Well, apparently, I do. Apparently I am the kind of nut who will put in the effort to camouflage the donut boxes with a stack of empty Tostitos and Lay’s Potato Chip bags. I am that nut. Because I’ve learned from past mistakes that if you don’t hide the three dozen donuts you bought from the best donut place on Earth, you never know what will happen.

You never know when you’re going to walk into your kitchen with the last of the dinner plates cleared and see the last bite of a donut slide down the gullet of a forager who sniffed out the irresistible scent of a bacon maple bar with more precision than a cadaver dog, hours before you planned on serving them, despite an excessive amount of trash on top of the boxes
because you had a feeling.
You had a feeling that a certain somebody was going to wait until the kitchen emptied and the coast was clear to embark on a search-and-destroy mission to pick out the very best donut underneath all the fake trash and try to devour it like a crocodile inhales a wildebeest in the seconds you’ve been gone.

Legs and all.

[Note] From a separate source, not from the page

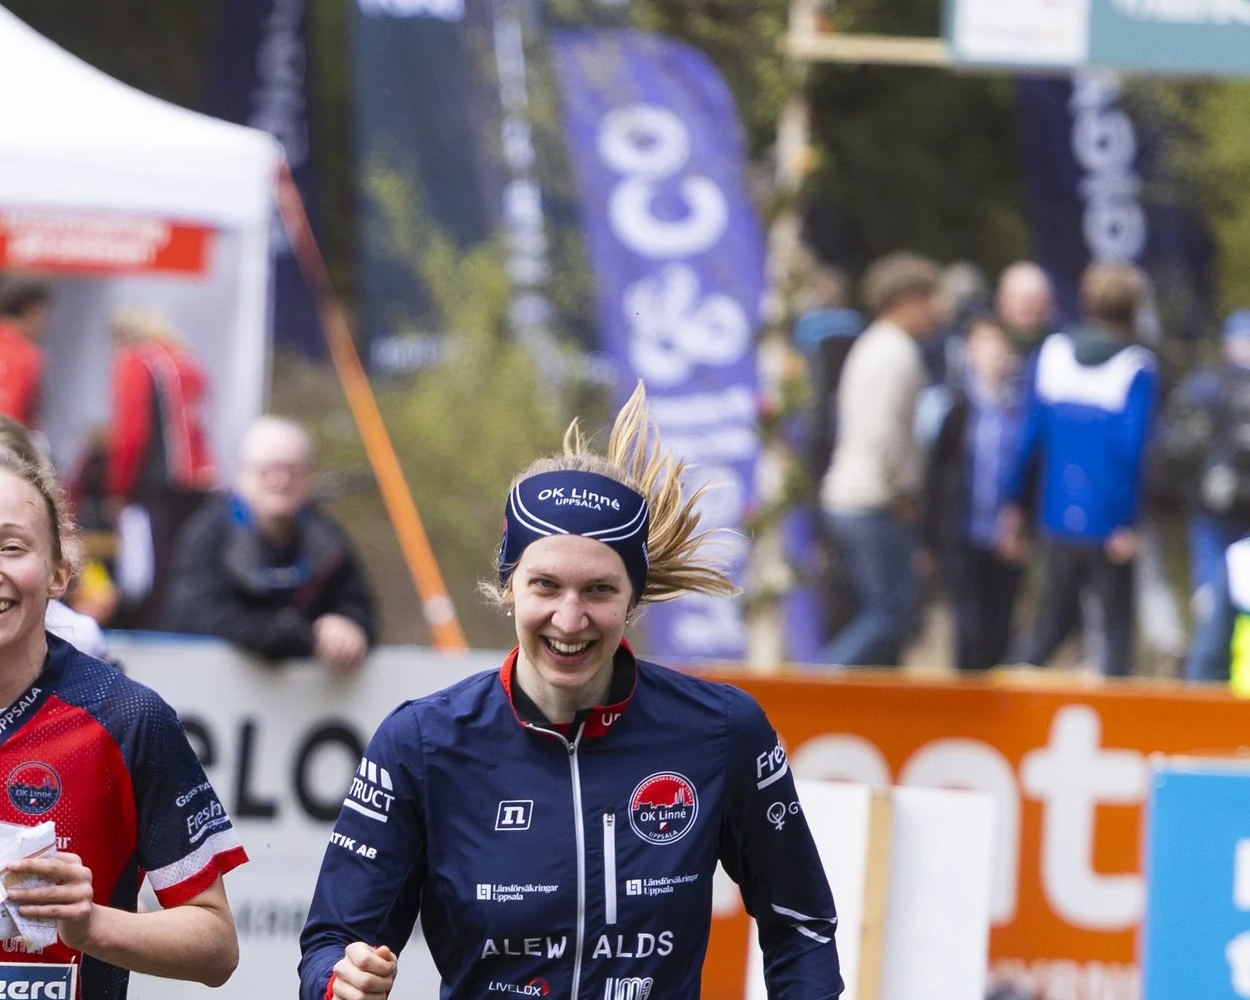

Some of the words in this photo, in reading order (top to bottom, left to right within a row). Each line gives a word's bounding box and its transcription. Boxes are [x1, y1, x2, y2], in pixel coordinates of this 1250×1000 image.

A crispy fried hoof shaped like a bacon strip still sticking out her mouth.

At least when I caught my dog acting like she was in a barnyard, she had the decency to look away when I pointed and gasped.

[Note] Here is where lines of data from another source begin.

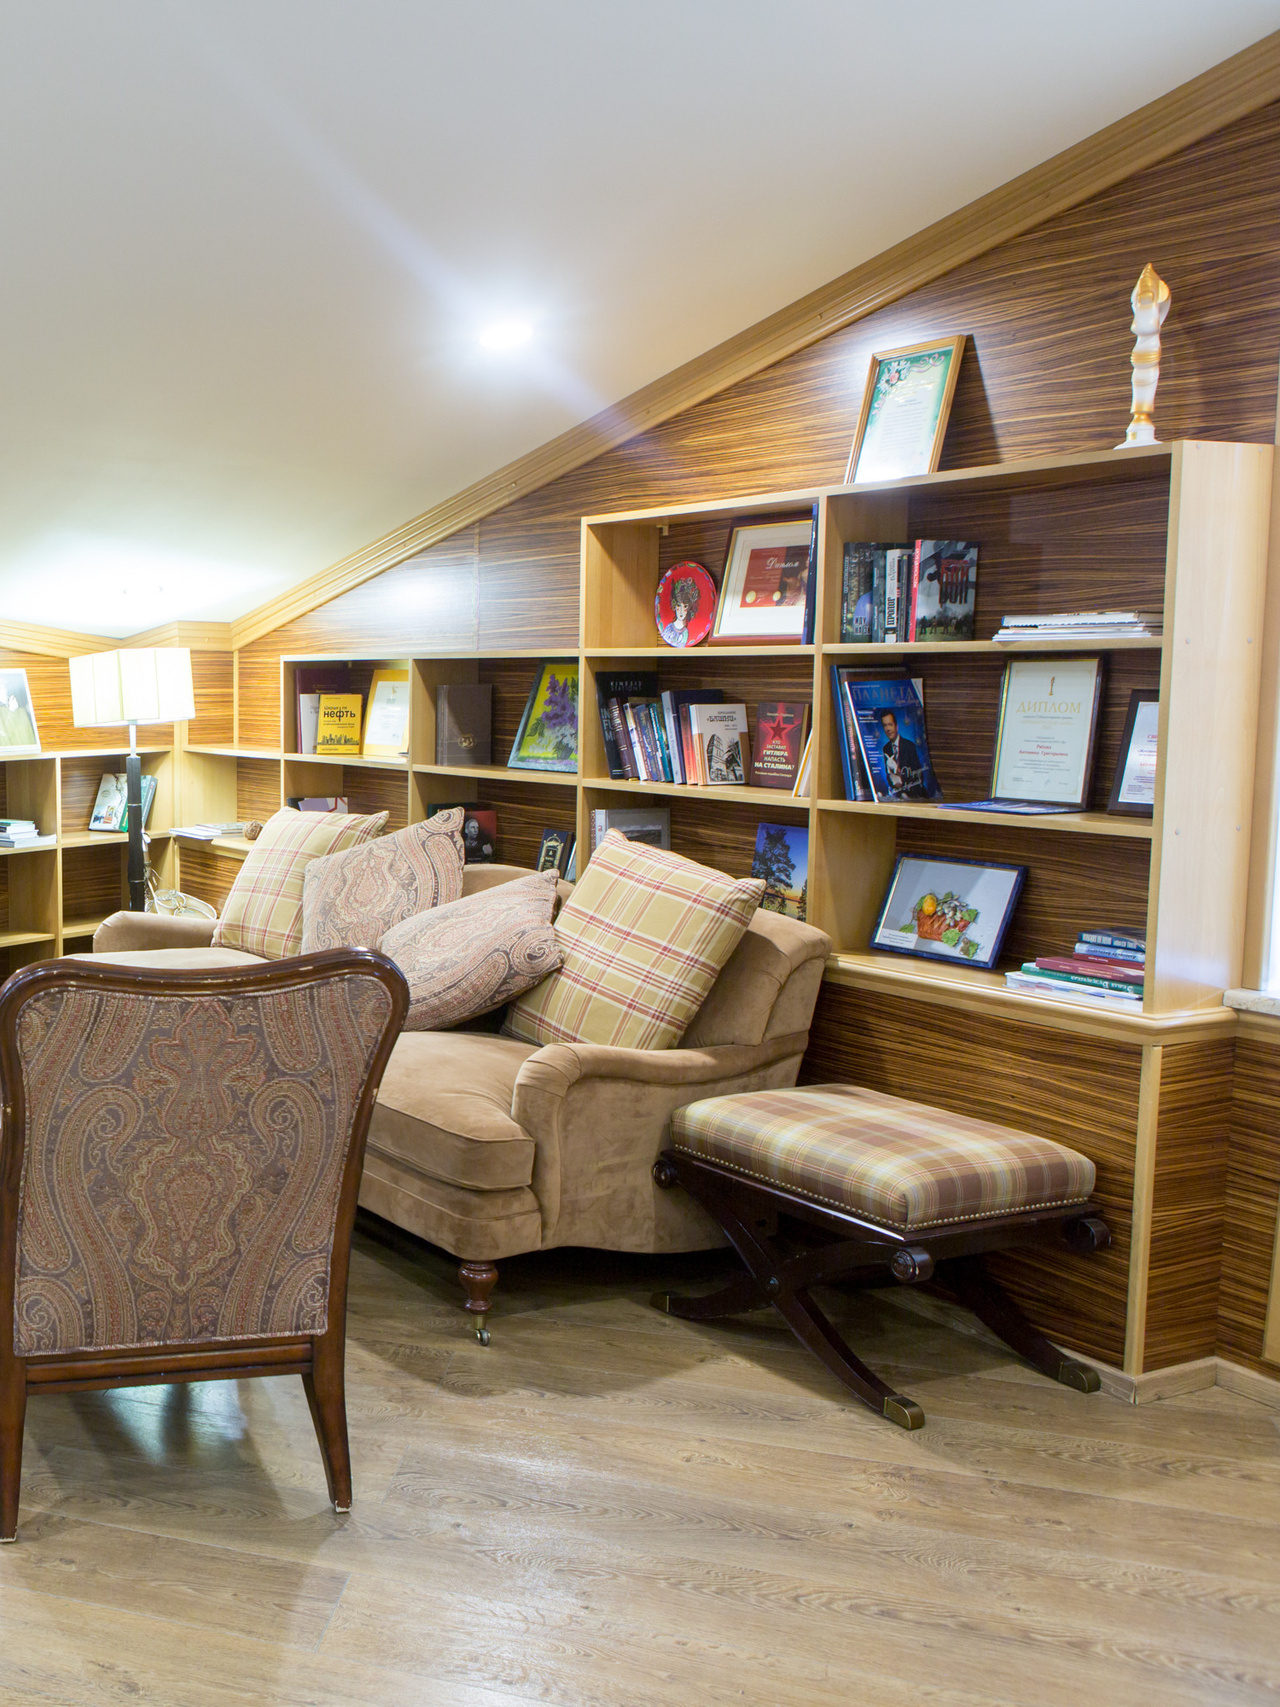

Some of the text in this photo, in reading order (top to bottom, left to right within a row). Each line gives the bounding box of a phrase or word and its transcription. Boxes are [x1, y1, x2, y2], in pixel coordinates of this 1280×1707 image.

[887, 597, 896, 626] ПРОЛОГ
[852, 685, 915, 701] ПЛАНЕТА
[323, 707, 356, 722] нефть
[1016, 701, 1082, 714] ДИПЛОМ
[764, 762, 795, 770] СТАЛИНА?

Now, before I describe how quickly the situation disintegrated, I think I need to explain that I was the one who called and placed the donut order; I was the one who selected the perfect combination out of forty-two possible flavors; I was the one who made the executive decision to end the night on a sugar high in perfect party harmony; I was the one who went downtown to pick them up, circling the block five times before I found a parking spot; I was the one who paid for them and then carried fifteen pounds of party harmony back to the car; I was the one who pushed them all the way to the darkest corner of the breakfast nook and placed every piece of detritus with excruciating precision and a subtle eye for disorder so as not to attract attention, much in the way a bear caches a camper with a flimsy tent. And on top of all that, I was the one who was called a “Stingy Pregnant Cow” when I didn’t give the homeless ruffian on the corner a dollar for his trouble of getting enough face tattoos to render him unable to work at anything but creating a cardboard sign that says “I’ll be honest: I’m gonna buy vodka with it.”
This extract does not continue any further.